For us, within the tools, each term has a page or text title, and so on, arranged according to English – but it can also be arranged according to any other language as the primary language – and then on the side, it shows the equivalent translation, in a bar, for all other languages, and also Jeffrey Hopkins’s terminology, since this sometimes helps to understand the terms. For the Tengyur Project, within each language, each term could be arranged according to any translator as the primary sort and then, on the sidebar, equivalent translations of the other team members so that we can correlate and see what they’ve been doing. Also, there are links to check with other languages for the terms, since this is very helpful – let’s say between Spanish and Portuguese.

We also have in the glossary tools the definitions in English, and then one translator in each language section has the task to translate these definitions into the language of their section. Of course, several terms have several definitions. I think that we’re going to need something similar in the Tengyur glossary tool. Also, we indicate, in an option here, if the term is to go into online glossaries or just for internal use for translators. For instance, how do we deal with parama and uttama and shri and these sorts of terms that would be nice to be consistent but is not so much of use to the reader?

We also have the option to change the way that we translate a term. If we do so, then there’s a box to indicate whether the status of these changes has been integrated into all the works within the website. Only the chief editor has access to make these changes within the glossary in order to minimize several people trying to edit the thing at the same time. It always gets locked if somebody is actually editing so that it’s always saved in a full manner.

By organizing our terminology in this way, it’s now possible to import glossary features automatically into the website from this tool for the benefit of the readers. I think this needs to be our primary concern. It’s not so much benefit for ourselves as translators, but benefit for the readers. What we produce has to be useable and searchable.

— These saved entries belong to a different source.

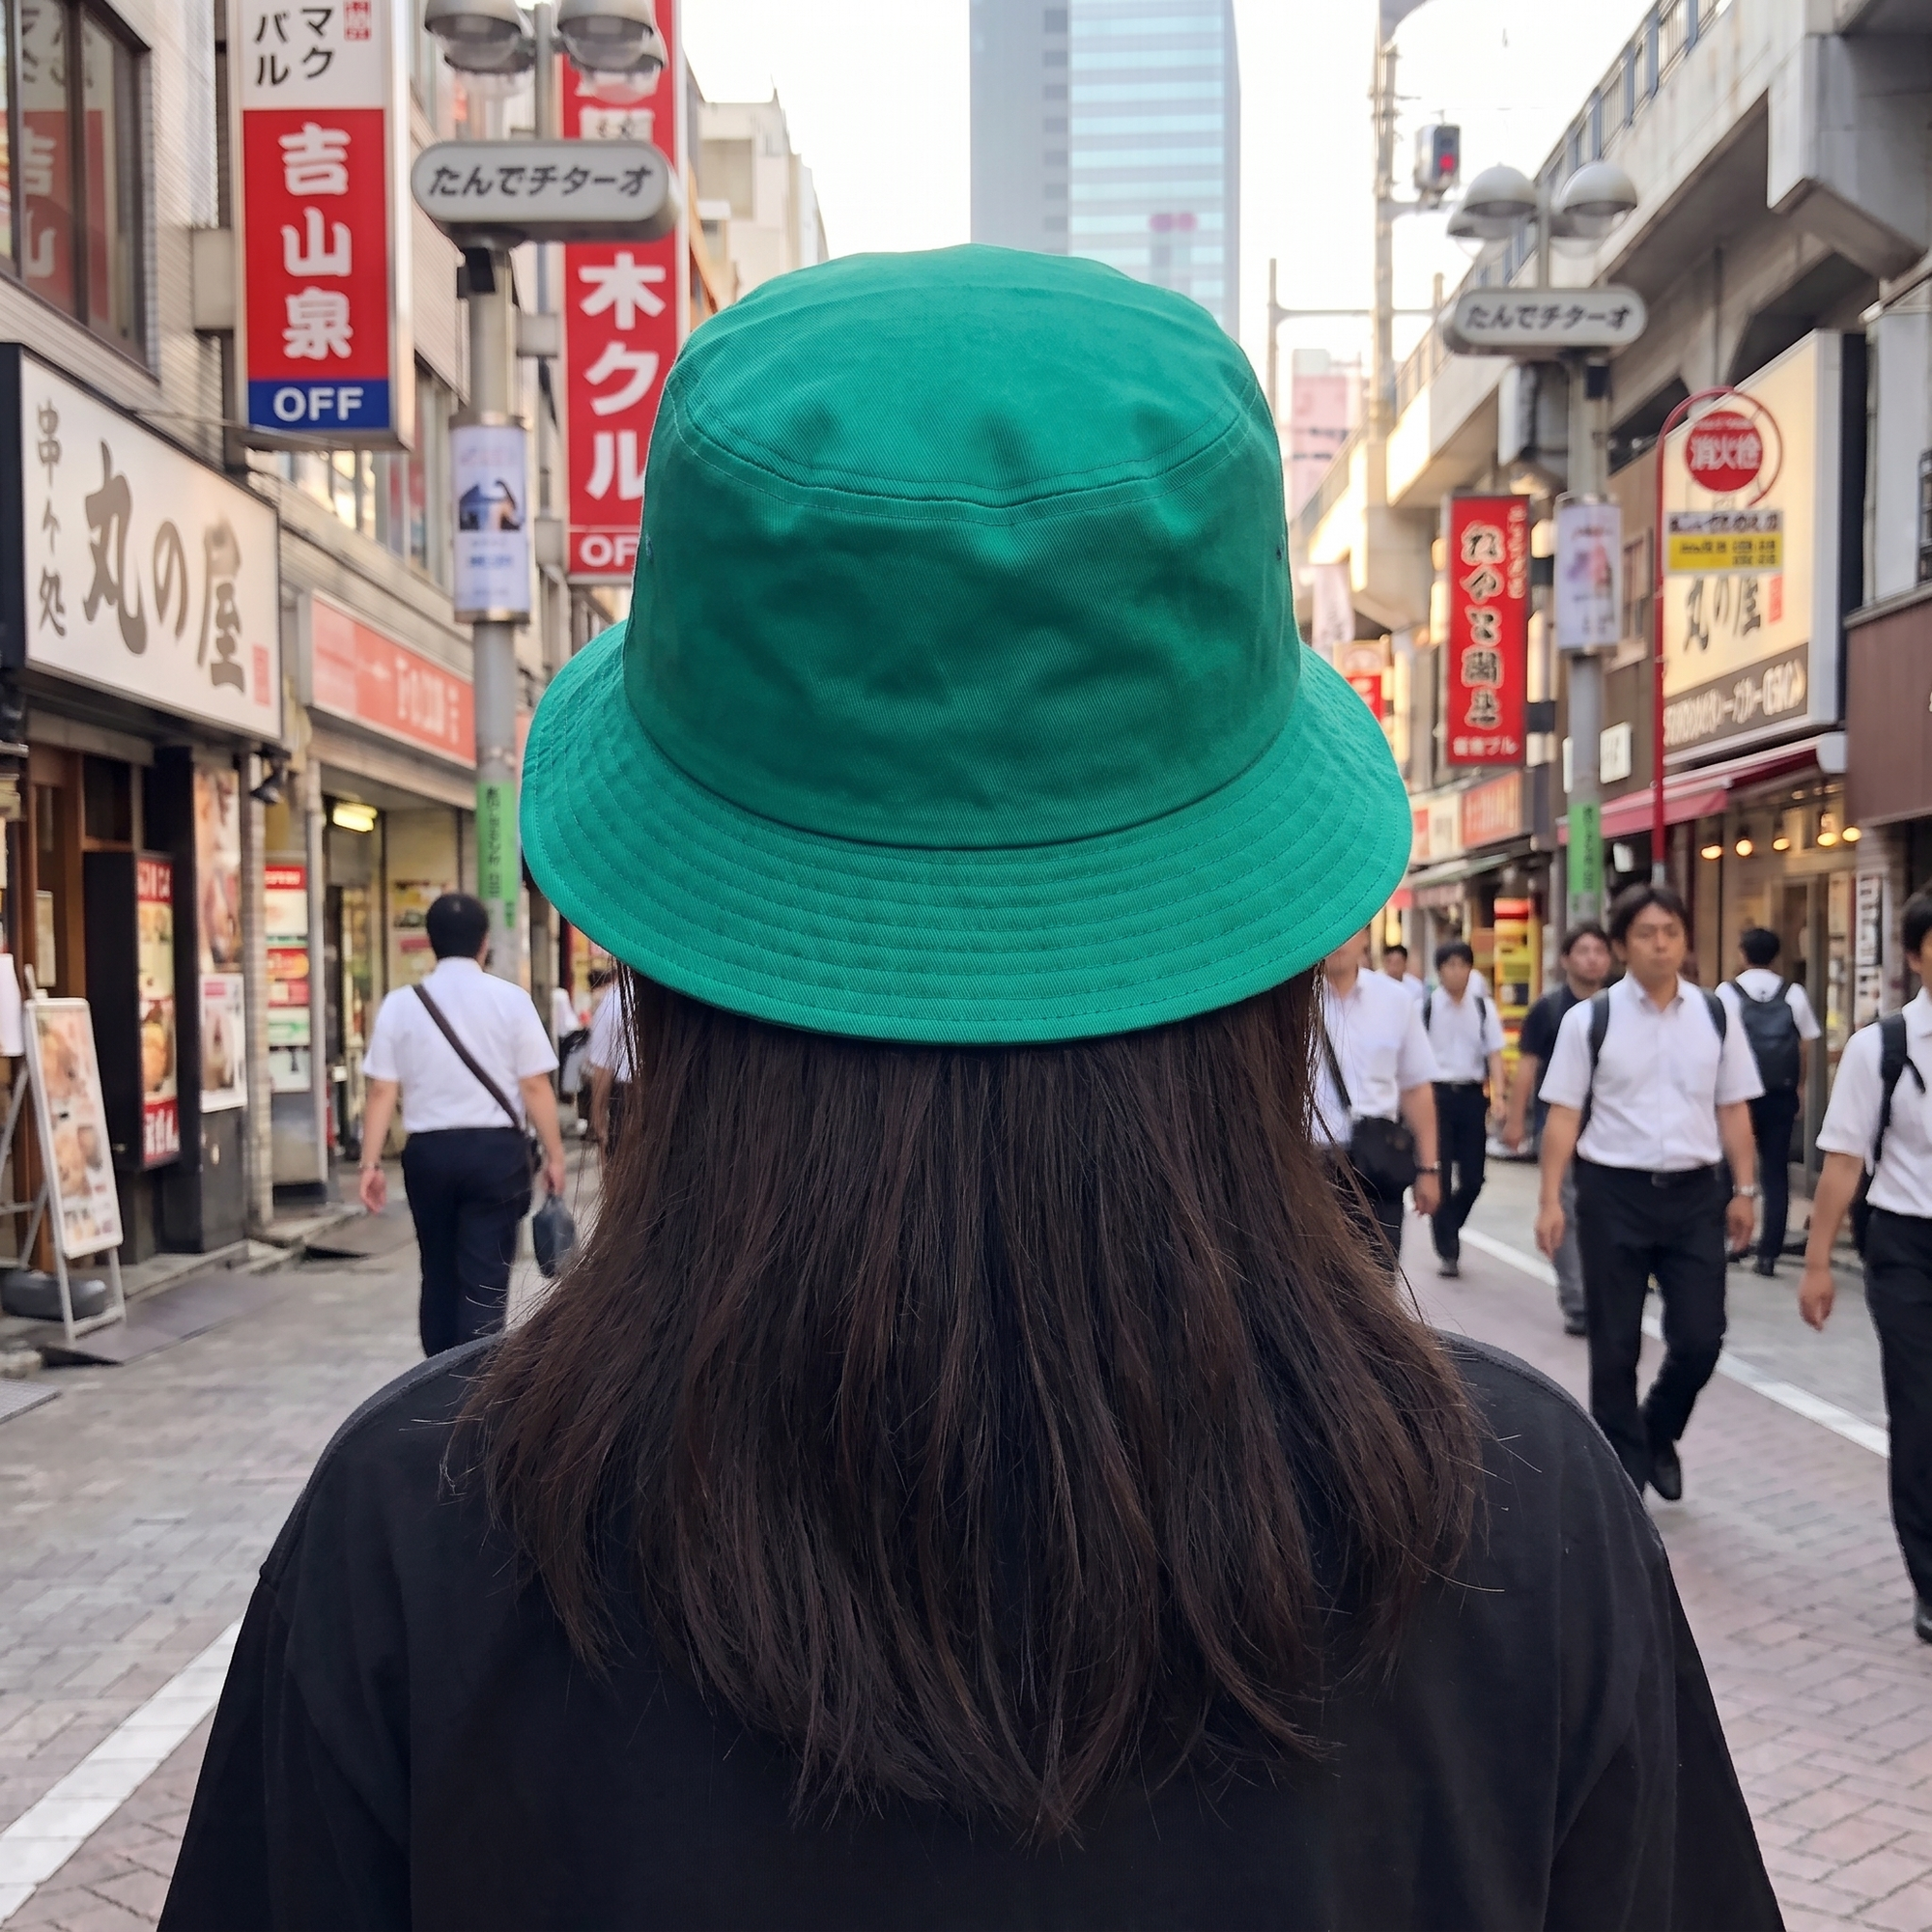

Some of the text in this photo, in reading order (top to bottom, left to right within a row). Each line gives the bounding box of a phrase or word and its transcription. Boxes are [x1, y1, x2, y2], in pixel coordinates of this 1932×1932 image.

[277, 122, 355, 361] 吉山泉
[272, 386, 365, 421] OFF
[580, 534, 639, 568] OF
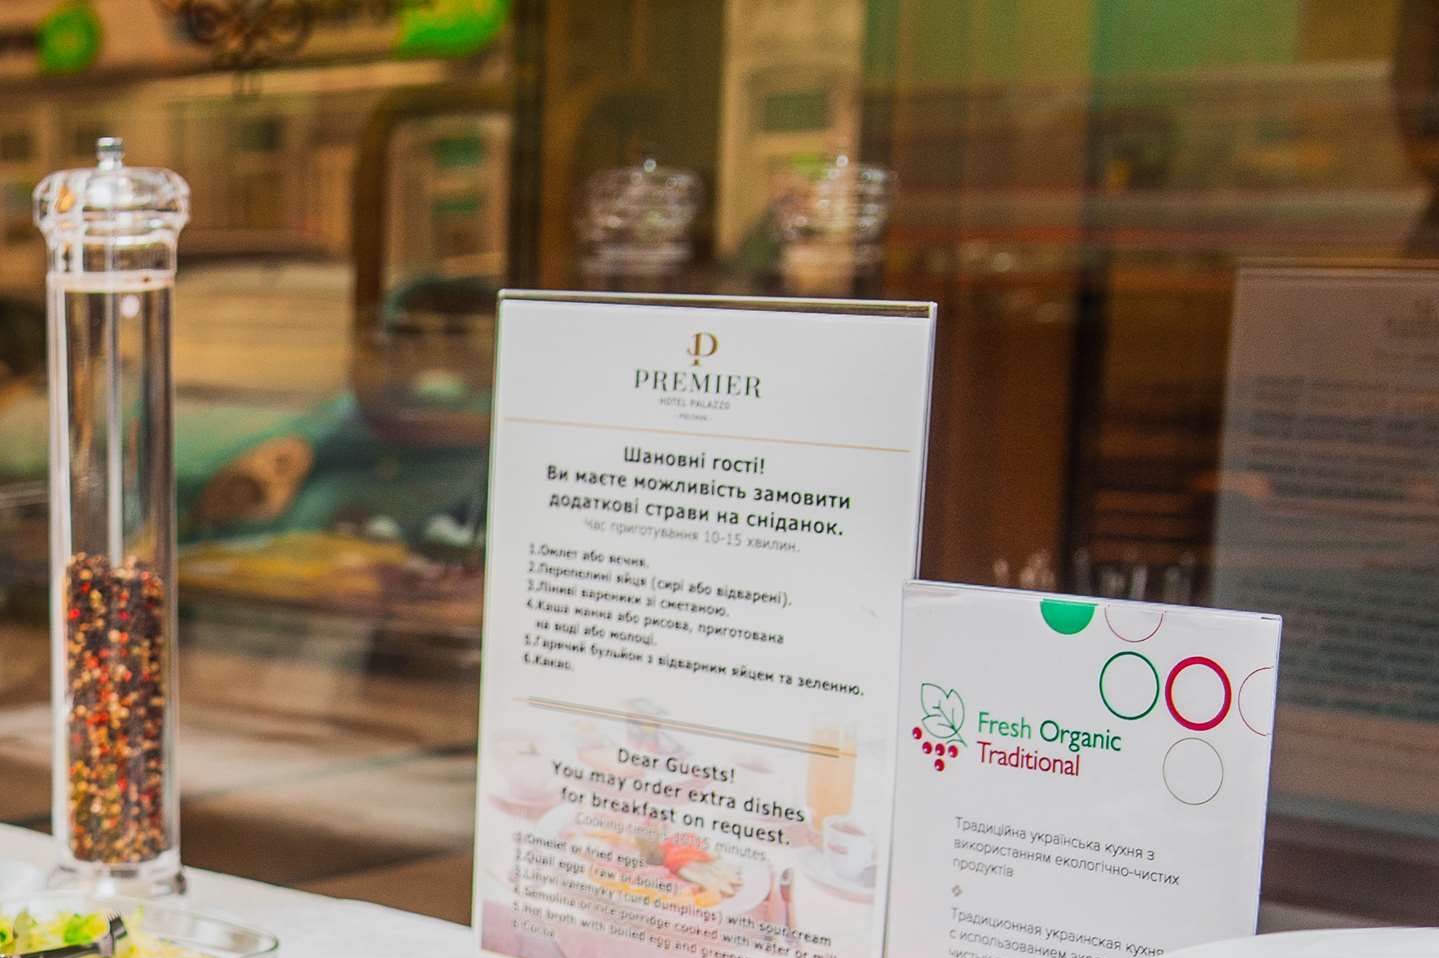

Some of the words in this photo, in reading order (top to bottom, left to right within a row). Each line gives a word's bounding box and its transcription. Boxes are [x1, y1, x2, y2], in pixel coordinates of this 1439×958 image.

[635, 368, 762, 398] PREMIER
[624, 446, 705, 469] Шановні
[713, 457, 765, 474] гості!
[546, 464, 568, 482] Ви
[576, 472, 626, 488] маєте
[634, 476, 746, 499] можливість
[753, 488, 852, 509] замовити
[550, 494, 639, 514] додаткові
[645, 504, 708, 523] страви
[717, 512, 739, 524] на
[746, 512, 844, 536] сніданок.
[584, 518, 605, 531] Час
[704, 531, 742, 547] 10-15
[746, 538, 801, 552] хвилин.
[583, 550, 605, 563] або
[582, 587, 641, 604] вареники
[660, 599, 730, 618] сметаною.
[616, 572, 648, 587] яйця
[651, 576, 684, 592] (сирі
[689, 581, 712, 596] або
[717, 585, 792, 608] відварені).
[536, 620, 548, 630] на
[554, 621, 579, 636] воді
[584, 625, 606, 639] або
[610, 631, 658, 647] молоці.
[575, 607, 612, 620] манна
[618, 610, 640, 624] або
[644, 616, 693, 634] рисова,
[698, 623, 784, 644] приготована
[590, 644, 643, 662] бульйон
[658, 655, 726, 674] відварним
[732, 664, 774, 684] яйцем
[779, 674, 792, 685] та
[798, 676, 864, 697] зеленню.
[978, 712, 1032, 739] Fresh
[1040, 720, 1122, 752] Organic
[618, 747, 660, 770] Dear
[666, 757, 736, 784] Guests!
[977, 741, 1080, 776] Traditional
[551, 760, 583, 780] You
[589, 770, 626, 791] may
[633, 777, 683, 800] order
[688, 788, 736, 810] extra
[744, 797, 806, 823] dishes
[561, 787, 586, 806] for
[591, 792, 676, 823] breakfast
[682, 811, 704, 829] on
[712, 818, 790, 846] request.
[586, 845, 614, 862] fried
[955, 816, 1026, 840] Традиційна
[1030, 831, 1100, 852] українська
[1104, 843, 1143, 860] кухня
[1147, 851, 1156, 860] з
[559, 860, 585, 873] eggs
[953, 837, 1051, 864] використанням
[1055, 855, 1180, 885] екологічно-чистих
[953, 858, 1014, 878] продуктів
[546, 909, 576, 924] broth
[581, 918, 605, 932] with
[610, 924, 645, 941] boiled
[649, 935, 671, 950] egg
[674, 942, 697, 954] and
[620, 910, 670, 929] porridge
[674, 922, 719, 939] cooked
[723, 931, 750, 946] with
[754, 940, 790, 956] water
[728, 912, 755, 929] with
[759, 921, 788, 936] sour
[792, 930, 832, 946] cream
[949, 928, 957, 940] с
[951, 907, 1042, 936] Традиционная
[1045, 927, 1122, 951] украинская
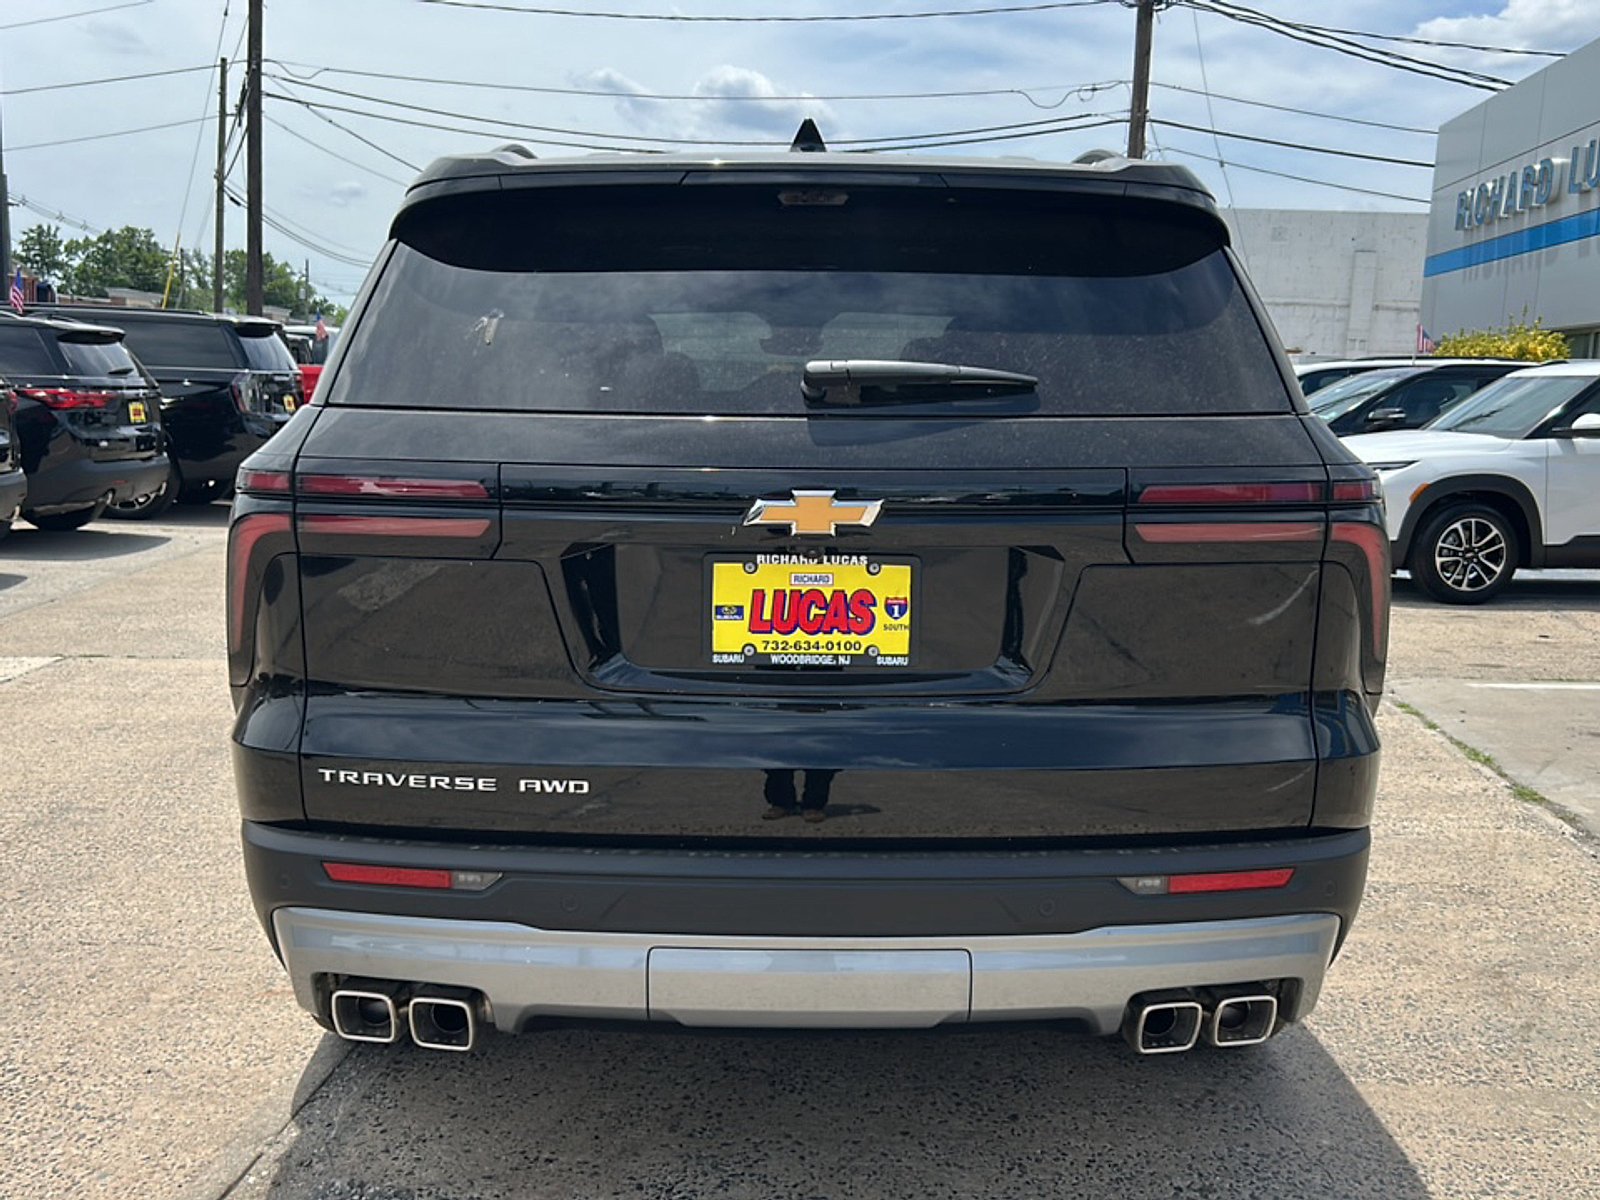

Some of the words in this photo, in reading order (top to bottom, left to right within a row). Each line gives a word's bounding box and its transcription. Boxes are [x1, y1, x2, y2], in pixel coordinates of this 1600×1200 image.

[1455, 158, 1555, 231] RICHARD
[823, 555, 868, 565] LUCAS
[793, 575, 830, 583] RICHARD
[749, 588, 877, 635] LUCAS
[891, 604, 900, 617] 1
[762, 641, 862, 651] 732-634-0100
[712, 653, 745, 663] SUBARU
[838, 655, 850, 665] NJ
[876, 656, 909, 666] SUBARU
[318, 768, 497, 792] TRAVERSE
[519, 778, 590, 794] AWD
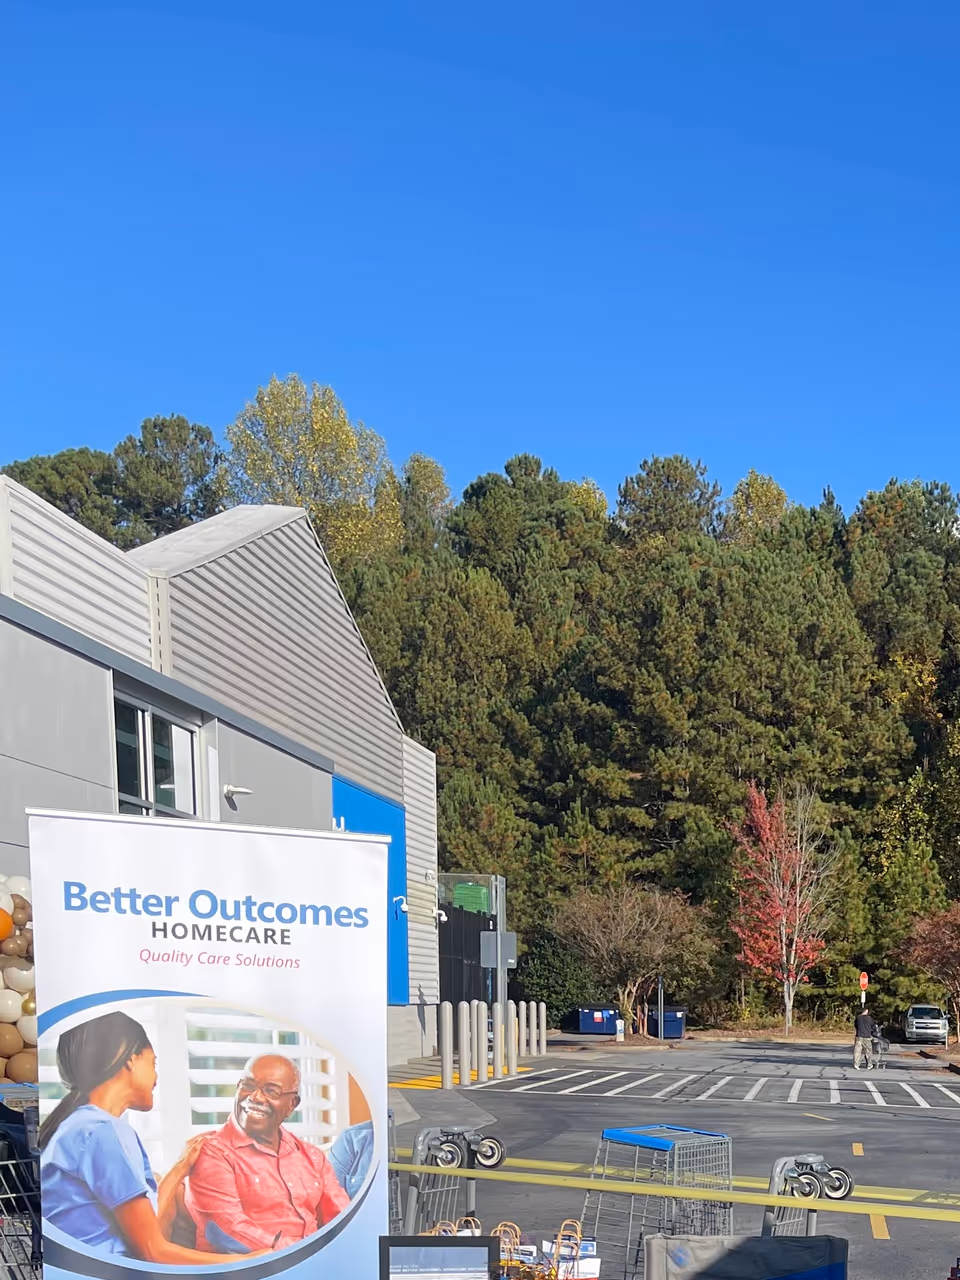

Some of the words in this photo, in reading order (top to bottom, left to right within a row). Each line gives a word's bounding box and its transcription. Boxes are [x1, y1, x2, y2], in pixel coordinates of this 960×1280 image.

The biggest problem readers face now is correlating what they read in one text by one translator with what they read in another by another translator, especially if they don’t know Tibetan and Sanskrit. Our system generates online glossaries automatically with, let’s say, English, Sanskrit, Tibetan and the definitions, or if it’s in another language section, let’s say, German, together with the English, Sanskrit, Tibetan and the German definition. It also automatically generates pop-up windows that appear when we put our cursor over a technical term in any text or document. A pop-up window comes up with the definition and also the equivalent in Jeffrey Hopkins’s terminology so that if people are more familiar with that, then they can correlate with what they’ve read elsewhere. Eventually, we’ll take the Tibetan and Sanskrit out of the text, where now it’s present in parentheses, and also add it to the pop-up window so that it doesn’t clutter the text. For the Tengyur Project, I would recommend doing the same with pop-up windows, but being selective in how many variants we include so that we don’t flood the reader with too much information and turn them off. If a term has several definitions, when we input the material, we could tag in the glossary tool which definition’s applicable in which text, so only that definition will pop up.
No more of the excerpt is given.